Clone A checks the scale three times across a 12-week trial (one in the beginning, once in the middle, and once at the end). His experience of the data might look something like this:

Weight-Loss Check #1: 200lbs – “Wow! I didn’t know I weighed that much!”

Weight-Loss Check #2: 192lbs – “Wow! It’s working! I love this plan!”

Weight-Loss Check #3: 184lbs – “YAY! I’m so proud! I bet I can lose 25lbs by the six month mark if I keep it up!”

Clone B

Clone B checks the scale every two hours across the same 12-week trial. His experience of the data might look something like this:

Weight-Loss Check #1: 200lbs – “Wow! I didn’t know I weighed that much!”

Weight-Loss Check #2: 200lbs – “That’s fine. We just started.”

Weight-Loss Check #3: 201lbs – “WTF! Does coffee weigh that much?”

….

Weight-Loss Check #21: 200lbs – “Is this ever going to move?”

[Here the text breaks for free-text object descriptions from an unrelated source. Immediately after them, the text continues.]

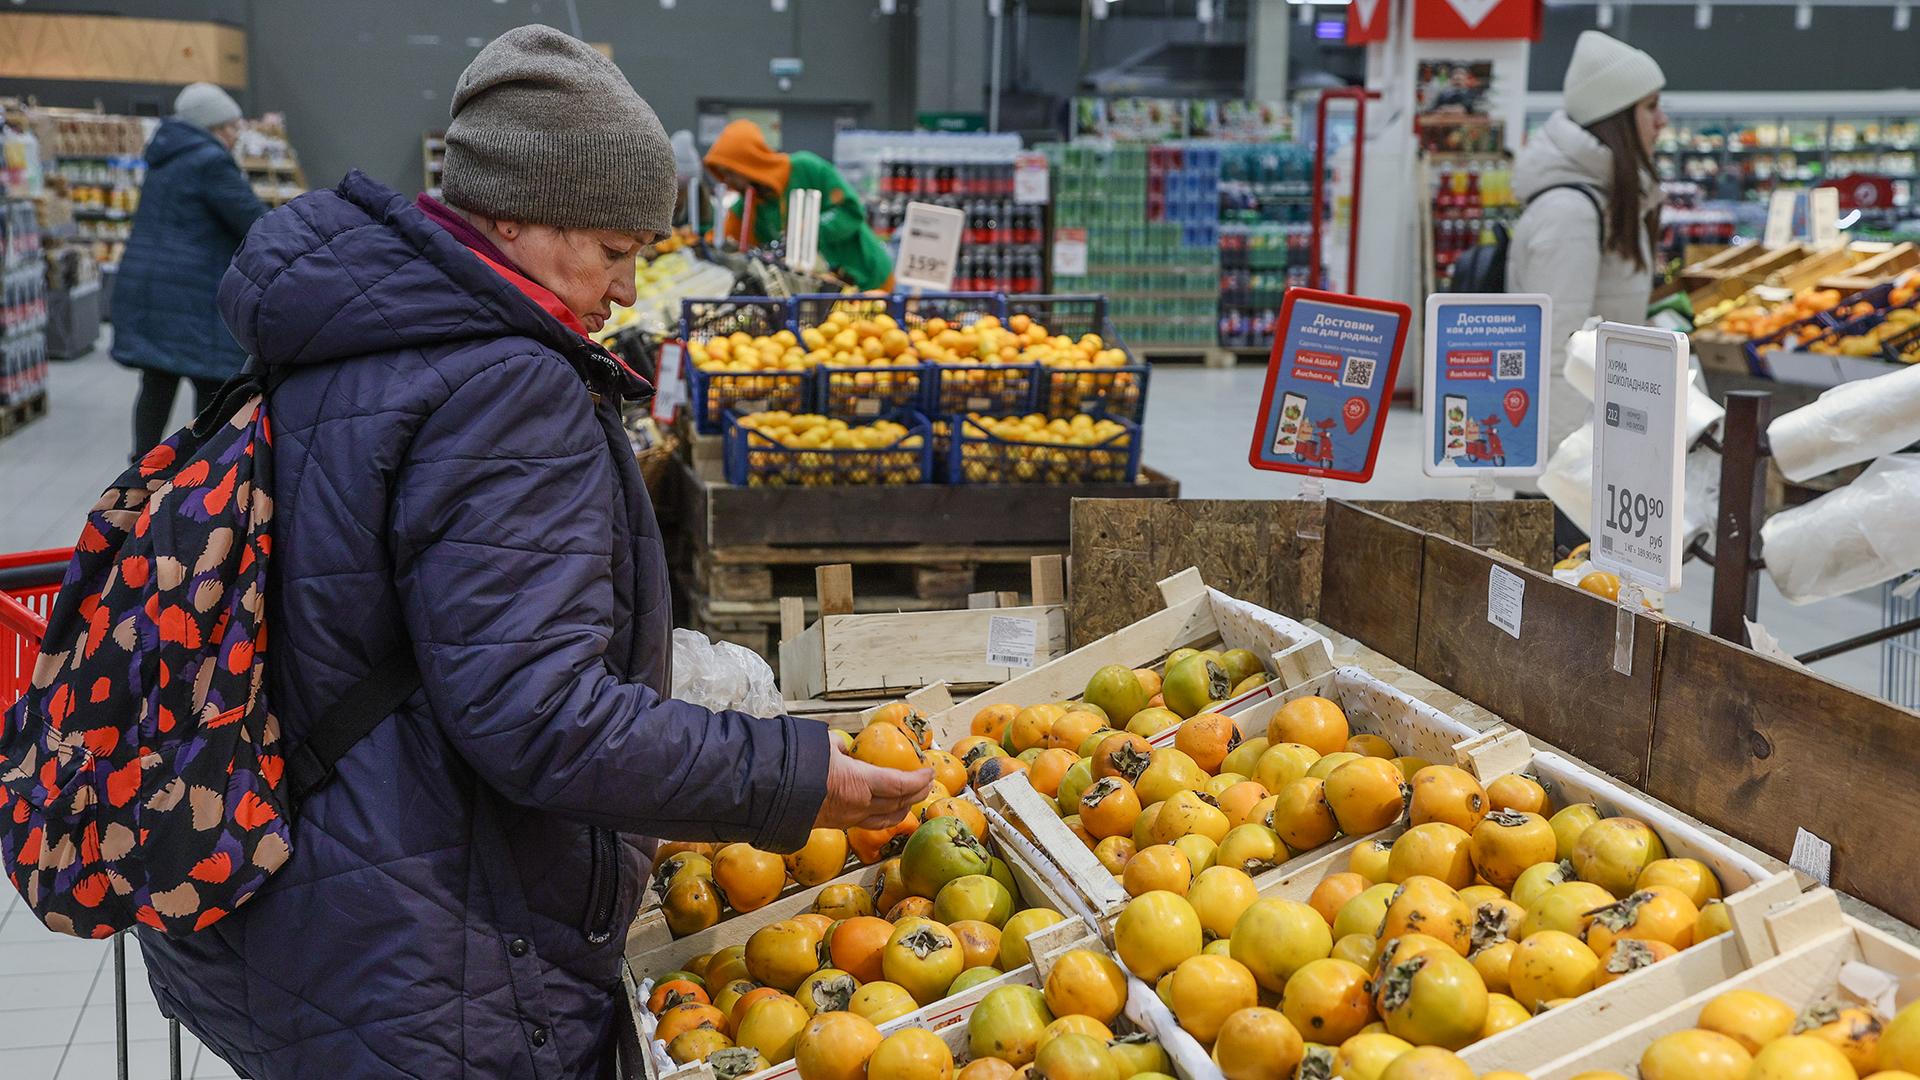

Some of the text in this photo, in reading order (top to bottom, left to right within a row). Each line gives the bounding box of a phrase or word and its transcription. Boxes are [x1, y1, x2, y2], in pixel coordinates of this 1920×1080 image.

[1313, 313, 1374, 332] Доставим
[1457, 313, 1516, 326] Доставим
[1301, 326, 1383, 344] как для родных!
[1465, 327, 1484, 335] для
[1486, 324, 1526, 336] родных!
[1313, 358, 1338, 367] АШАН
[1608, 360, 1628, 373] ХУРМА
[1295, 369, 1333, 380] Auchan.ru
[1607, 373, 1662, 395] ШОКОЛАДНАЯ ВЕС
[1607, 408, 1618, 421] 212
[1650, 535, 1663, 549] руб

Weight-Loss Check #62: 198lbs – “Here we go!:

Weight-Loss Check #21: 202lbs – “UGH – I’m not working this hard to get fatter!” 

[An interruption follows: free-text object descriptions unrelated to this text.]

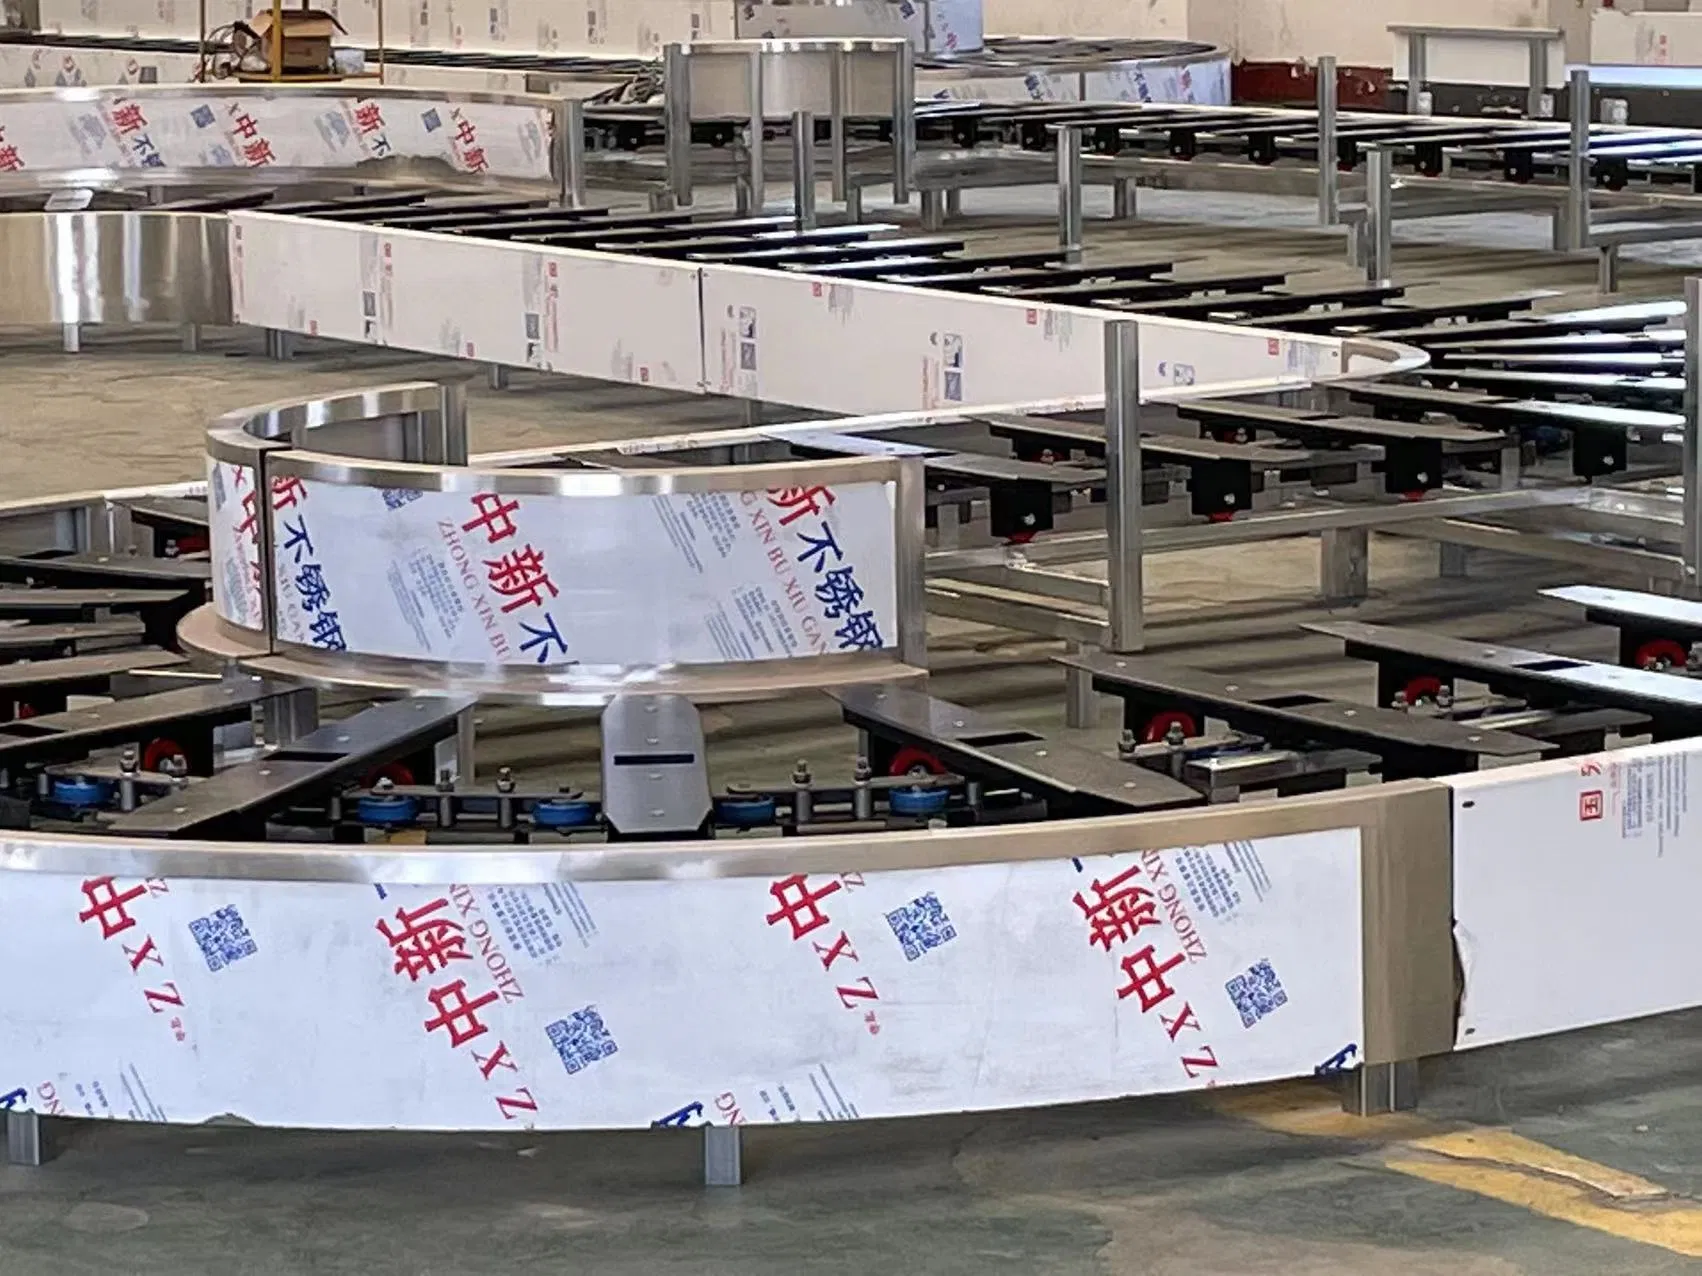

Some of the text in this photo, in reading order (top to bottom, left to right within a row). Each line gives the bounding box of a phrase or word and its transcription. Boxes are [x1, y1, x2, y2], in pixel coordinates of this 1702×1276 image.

[112, 97, 167, 167] 新不
[233, 113, 276, 168] 中新
[355, 97, 391, 156] 新不
[437, 519, 480, 590] ZHONG
[472, 593, 497, 632] XIN
[461, 492, 568, 663] 中新不
[748, 507, 778, 546] XIN
[766, 549, 789, 577] BU
[783, 577, 810, 617] XIU
[79, 876, 148, 940] 中
[766, 873, 842, 941] 中
[1072, 857, 1186, 1014] 中新
[1157, 882, 1209, 965] ZHONG
[374, 883, 500, 1048] 中新
[467, 918, 526, 1005] ZHONG

Weight-Loss Check #78: 194lbs – “That’s something I guess..”

What a rollercoaster of unnecessary negativity!

Mathematician and philosopher, Nassim Taleb, made the same point when discussing the tendency for humans to suffer from narrative fallacies (unhelpful story telling to make sense of our complex reality) in the same way with regards to picking a winning investment. 

If you invested in Apple in 2008 and checked the share price once in 2008 and once today, you’d have one feedback loop experience of the data: WE CRUSHED IT! 

APPL: Dec 2008$3.26

APPL: Dec 2025$272.05

If you checked the share price every two years, you’d have the following experience: 

APPL: Dec 2008$3.26

APPL: Dec 2010$13.66

APPL: Dec 2012$21.20

APPL: Dec 2014$29.70

APPL: Dec 2016$27.59

APPL: Dec 2018$46.12

APPL: Dec 2020$121.01

APPL: Dec 2022$148.21

APPL: Dec 2024$237.27

This experience of the data is mostly smooth sailing to a bonafide winner, except for a moment of concern with the signal received in 2016. 

Now, I’m sure you get where I’m going with this, but if you check the APPL stock value every five minutes on the five minutes since 2008, you’d have exactly 50% negative news and 50% positive news.

Making adjustments for peak performance requires the right interval for interventions. 

If you’re reading this, you likely aren’t looking for stock tips and probably aren’t here to learn how to lose weight. You’re a leader and leaders are responsible for moving their group closer to its peak potential. 

Intuitively, you know you likely shouldn’t do a performance review every day at lunch with your subordinates, but what is the right interval for intervention?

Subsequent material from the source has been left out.